With the launch of Cultiv8, SparkLabs will have accelerator programs in South Korea, Taiwan, China, Hong Kong and Australia. One benefit of working in Australia is that the country’s agricultural industry already exports billions of dollars in products to Asia. The total amount is expected to double by 2050, giving ag-tech startups a chance to learn many practical lessons about scaling up.
While agricultural and food tech have recently gained more attention from investors, hitting a record level of funding in 2015, Quigley believes it is still early in the investment cycle.

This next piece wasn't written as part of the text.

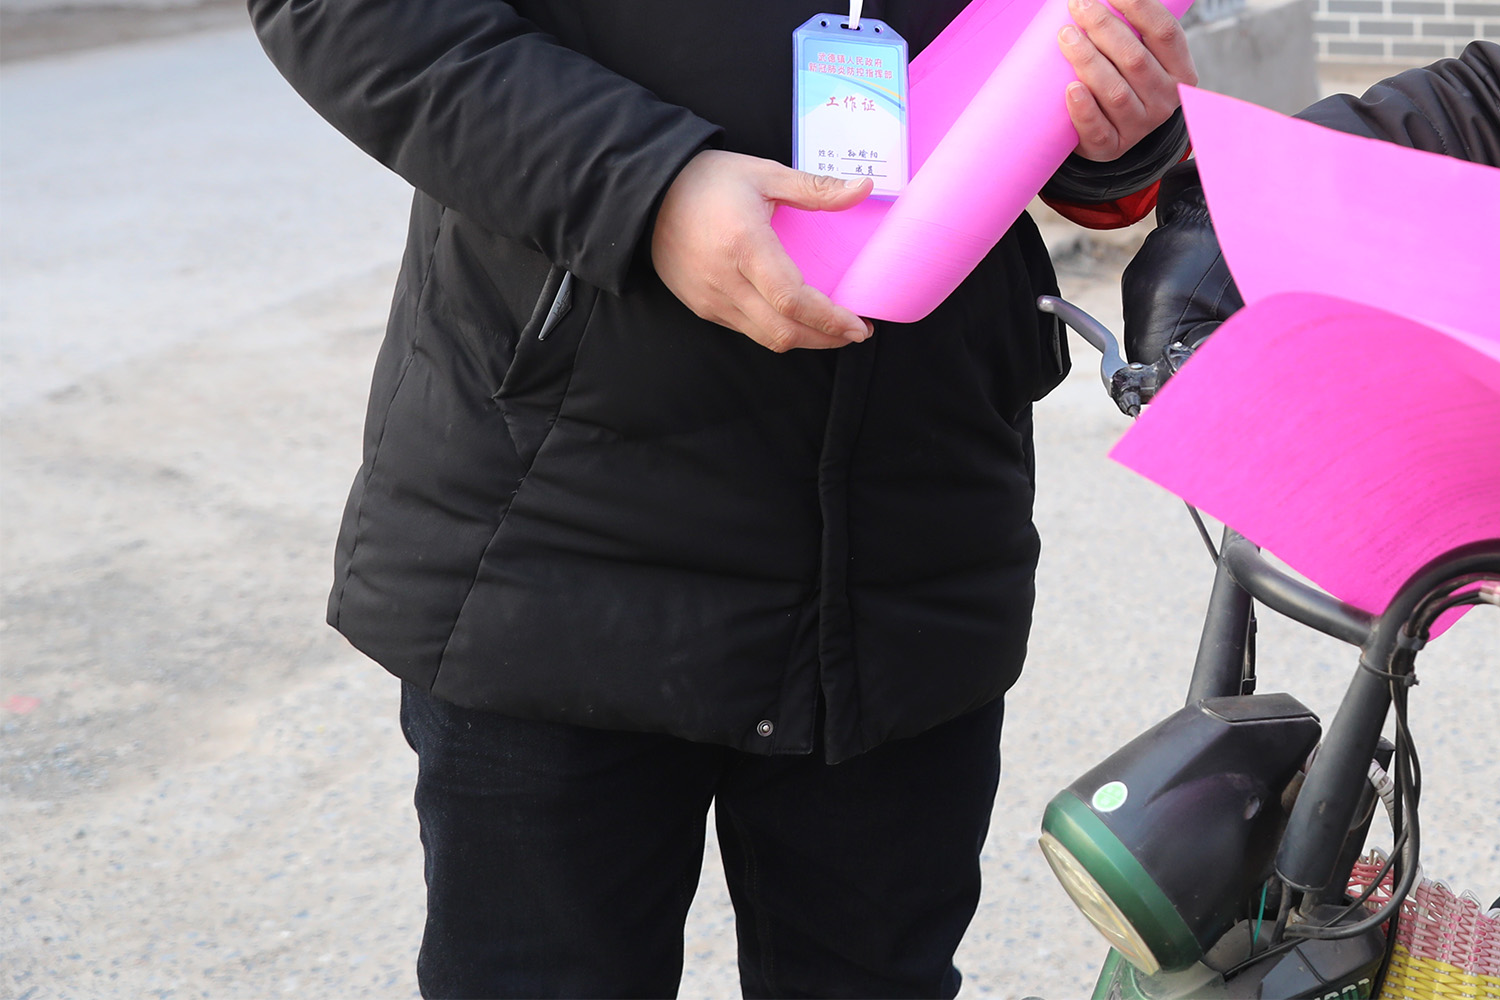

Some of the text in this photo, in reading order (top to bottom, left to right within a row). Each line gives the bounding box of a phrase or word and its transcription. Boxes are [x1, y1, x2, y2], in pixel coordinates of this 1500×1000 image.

[808, 62, 893, 79] 新冠肺炎防控指挥部
[826, 96, 876, 112] 工作证

As the Internet of Things becomes less costly, he says more startups will be able to deploy hardware and software analytic platforms to help growers manage resources, reduce waste and maximize their crop yields.
Quigley says Cultiv8 will seek startups with intellectual property that can potentially have a large impact on agricultural tech and scale quickly with the right hires.
“The ag-tech sector is at a similar stage to where AI was in 2009, it is early and just starting to grow,” Quigley says. “Then Siri was bought by Apple and it exploded. There is a tremendous amount of talent in the ag-tech sector that is looking to start companies, join startups and invest in them. We will be primarily looking for founders that have the ability to bring that talent into their companies and disrupt the agricultural industry.”